Un giorno, cinque anni prima,
mentre era poco distante a tagliare ramaglie con la forcola, alcuni mendicanti
gli rubarono la motosega e il decespugliatore. Lui li vide e si mise ad
inseguirli. Loro scapparono, ma il peso degli attrezzi li rallentava, così li
raggiunse presto. Loro posarono gli attrezzi a terra e si disposero ad
affrontarlo. Giunto davanti a loro affannato, si fermò e li guardò in volto. Poi
si tolse la giacca e la diede ad uno, i pantaloni all’altro, la camicia al
primo, le scarpe al secondo, gli indumenti intimi e i calzini. Completamente nudo,
si girò e tornò al propri lavoro.
Da allora era vissuto così. Unico
lusso: si era fatto dei sandali di corda. Da quel giorno gli abitanti del
villaggio di sotto cominciarono a portargli un piatto di riso, ogni due o tre
giorni. Allo stesso modo quelli del villaggio a monte. Quando non veniva
nessuno, mangiava radici o bacche del bosco, o digiunava e ne traeva gran
profitto.
Qualche tempo dopo vennero a
trovarlo i parenti. La madre, i fratelli, i cugini. Si sedettero davanti a lui
e si guardarono a lungo. Un cugino si avvicinò e cominciò a bisbigliargli nell’orecchio
che sua moglie, Anna, aveva portato la sua azienda al fallimento, per cuiil
cugino l’aveva rilevata e rilanciata e adesso… Rabindra lo guardò negli occhi, il cugino si
interruppe di colpo, arrossì e tornò a sedere dietro a tutti. Rimasero così ancora
un’ora abbondante, poi si alzarono, gli si prostrarono davanti, e se ne
andarono senza voltarsi, lasciandogli tanti fiori sparsi per terra.

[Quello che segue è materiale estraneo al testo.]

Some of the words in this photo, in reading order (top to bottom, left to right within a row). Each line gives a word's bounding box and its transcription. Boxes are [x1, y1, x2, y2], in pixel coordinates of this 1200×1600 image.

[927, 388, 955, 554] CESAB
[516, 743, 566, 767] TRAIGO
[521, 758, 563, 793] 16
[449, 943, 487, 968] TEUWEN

Allo stesso modo vennero dei
poliziotti. Si sedettero e gli chiesero il nome. Lui rispose con nome e
patronimico. Loro presero nota. Rimasero ancora un bel po’ in silenzio, poi si
alzarono, si inchinarono a baciargli i piedi e se ne andarono.
Erano passati cinque anni. Non era
più stupito di aver superato l’inverno sulla montagna completamente nudo, aveva
imparato a regolare il respiro, a dormire cullato dagli alberi e dal vento. Ascoltava
la voce di Colui che viene e attendeva.
Pensava spesso alla sua vita ed
era contento che fosse stata così intensa e piena di cose, persone, fatti.

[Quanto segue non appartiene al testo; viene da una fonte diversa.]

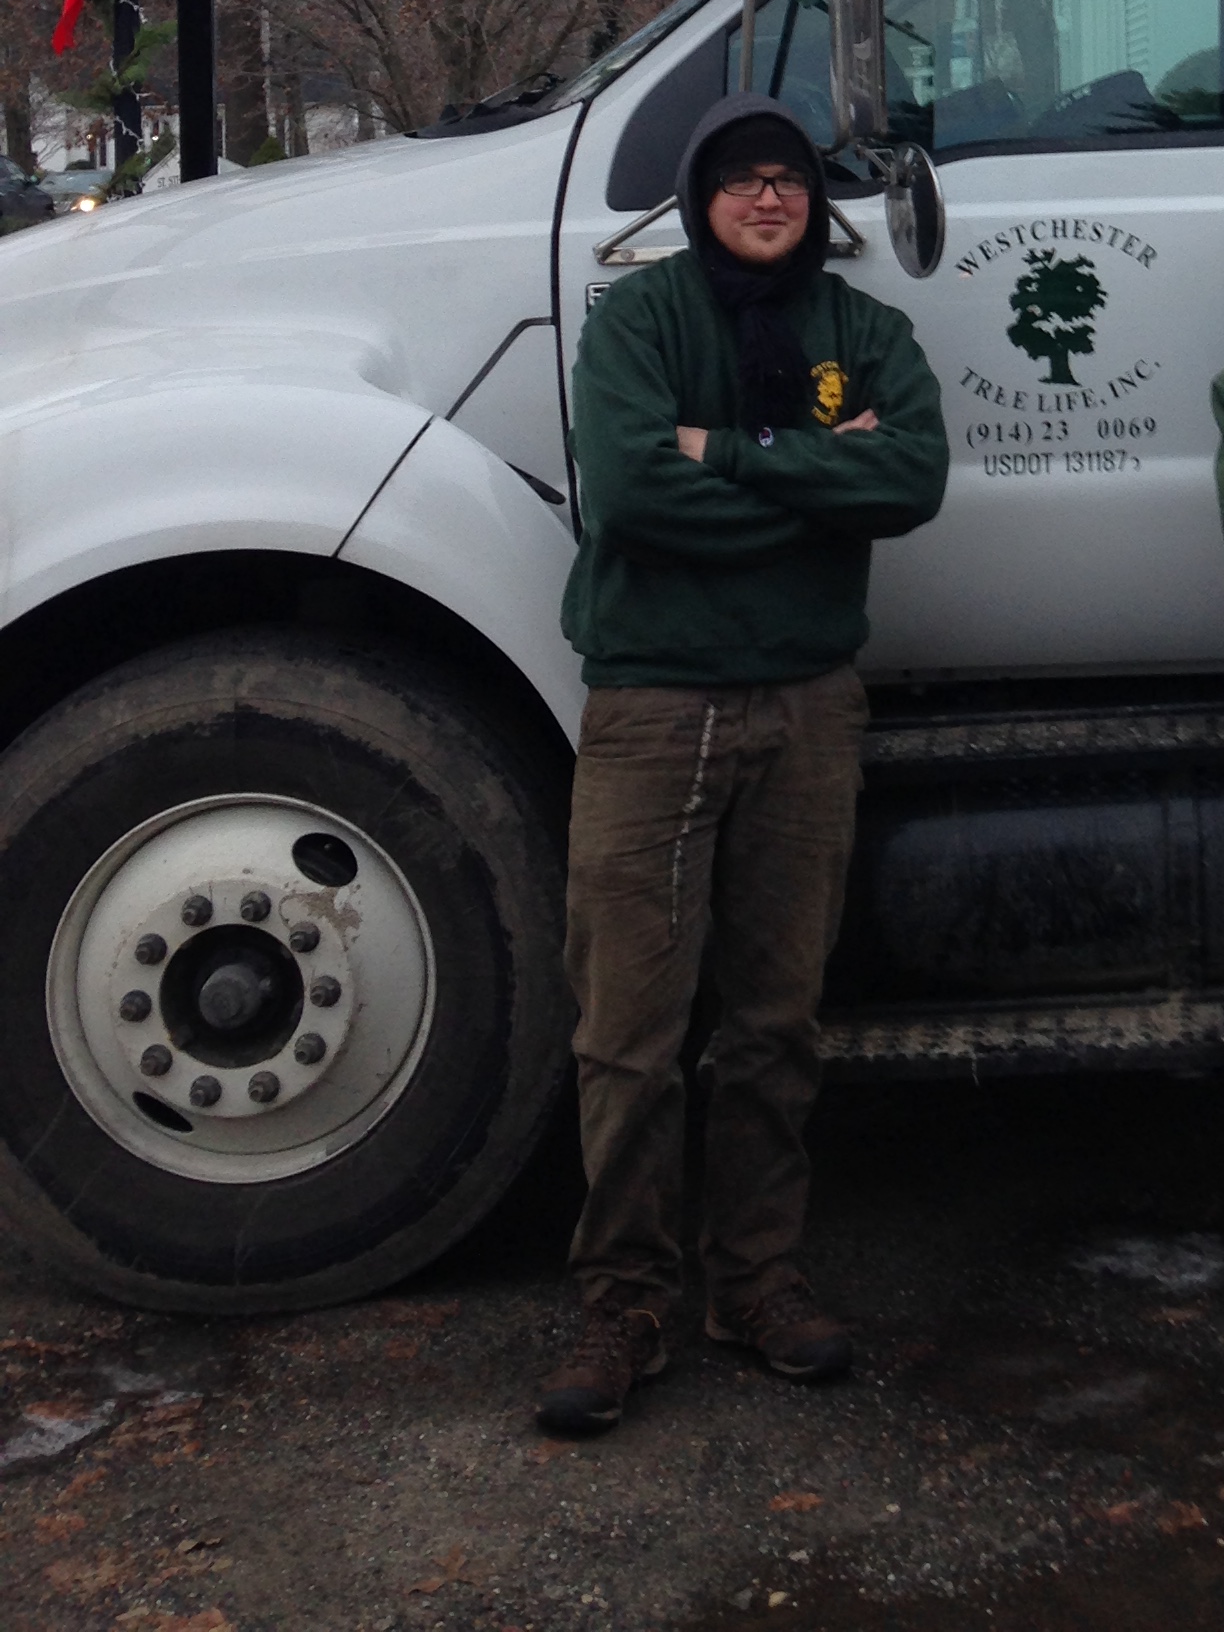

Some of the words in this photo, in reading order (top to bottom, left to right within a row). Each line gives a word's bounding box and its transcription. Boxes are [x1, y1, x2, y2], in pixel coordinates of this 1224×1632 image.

[954, 218, 1158, 277] WESTCHESTER
[958, 366, 1029, 411] TREE
[966, 421, 1033, 449] (914)
[984, 452, 1054, 477] USDOT
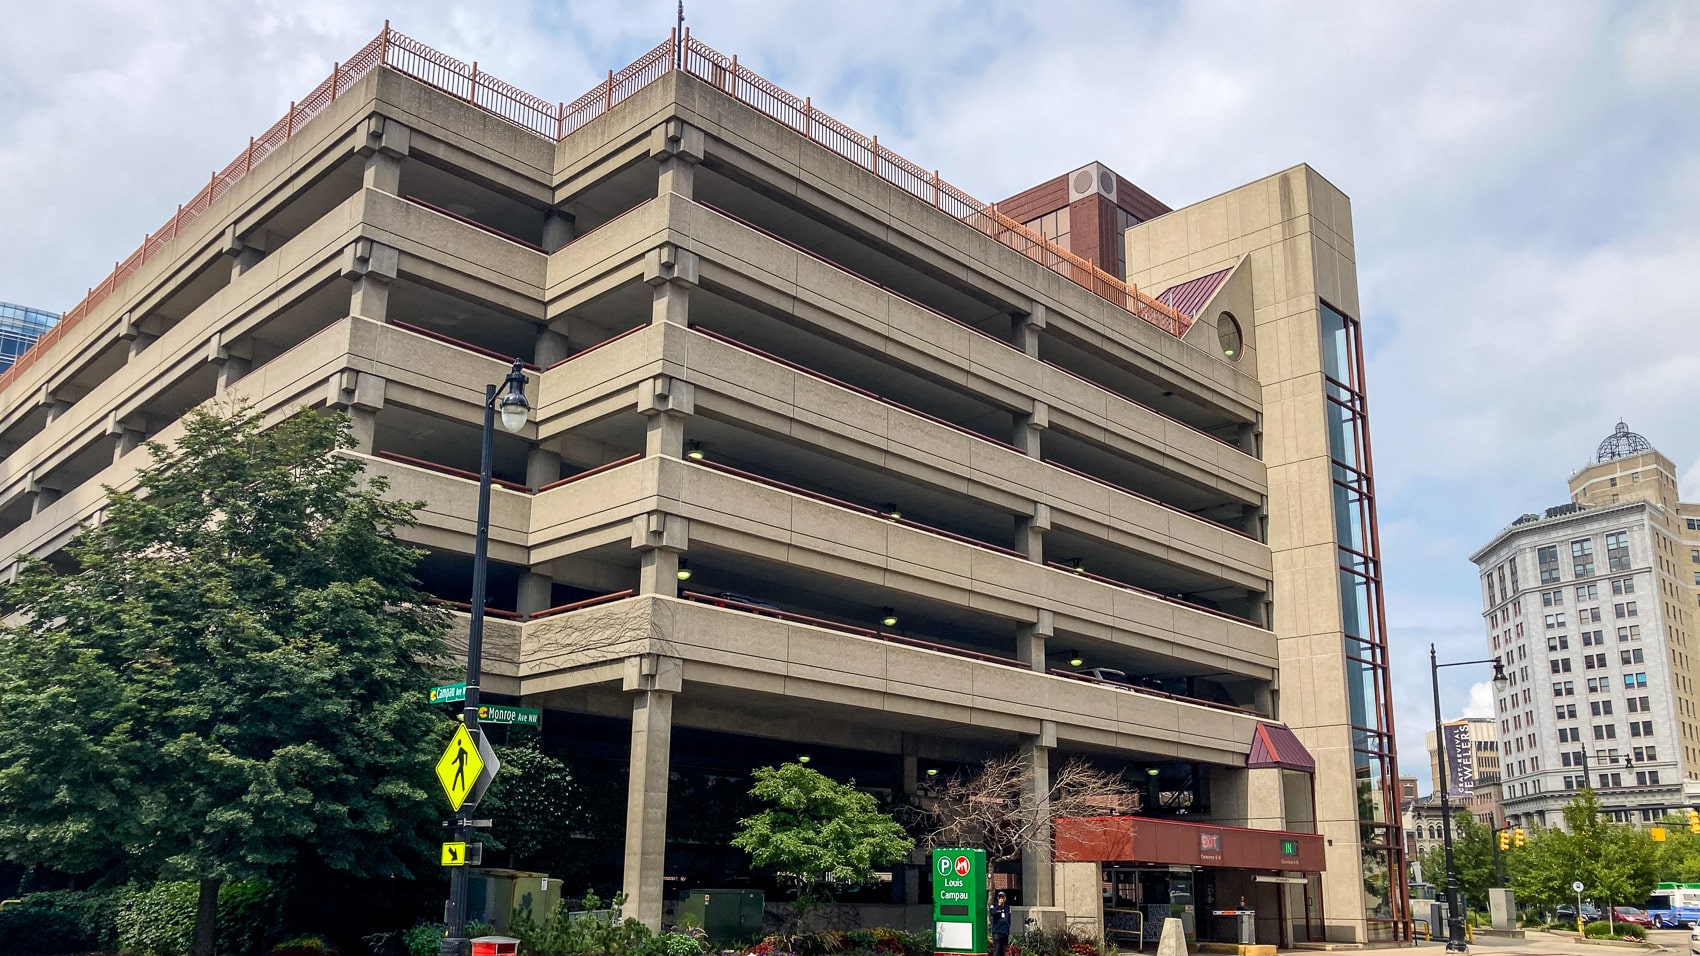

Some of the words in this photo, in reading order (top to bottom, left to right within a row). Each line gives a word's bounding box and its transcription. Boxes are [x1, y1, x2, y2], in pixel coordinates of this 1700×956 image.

[436, 687, 455, 699] Campau
[488, 707, 516, 720] Monroe
[518, 713, 527, 722] Ave
[528, 714, 538, 722] NW
[1460, 724, 1474, 796] JEWELERS
[1201, 835, 1216, 848] EXIT
[1285, 842, 1292, 854] IN
[941, 859, 950, 873] P
[944, 878, 963, 887] Louis
[940, 890, 968, 901] Campau

Ripensava all’Occidente e si dispiaceva della malattia mortale che lo consumava
nell’incoscienza. Pensava che il punto più evidente della gangrena erano le
donne. Inquiete come in preda al delirio, menavano colpi a destra e a sinistra,
a sé e agli altri, spandendo attorno il male e il cattivo odore della
disattenzione.
La disattenzione: quello era la
malattia principale dell’Occidente e delle donne. Recriminavano perché volevano
svestirsi e andare in giro nude e recriminavano perché vedevano in giro troppe
donne nude. Volevano essere indipendenti e volevano che altri provvedessero
alla loro sicurezza e al loro benessere.
Mentre così ragionava sentì un
motore arrancare su per la strada. Scese perciò verso il proprio riparo e andò
a sedersi.
Dall’auto scese sua moglie. Dall’altro
lato i suoi figli. Come erano cresciuti!
Lei gli si avventò contro,
insultandolo e ingiuriandolo, come se si fossero lasciati il giorno prima. Gli
tirava la lunga barba e gli strappava i capelli. Lui la guardava sforzandosi di
mettere a fuoco un punto molto oltre, molto più in là.
Chissà, pensava, forse questa è l’ultima
prova. Forse adesso verrà il Re sul carro di fuoco.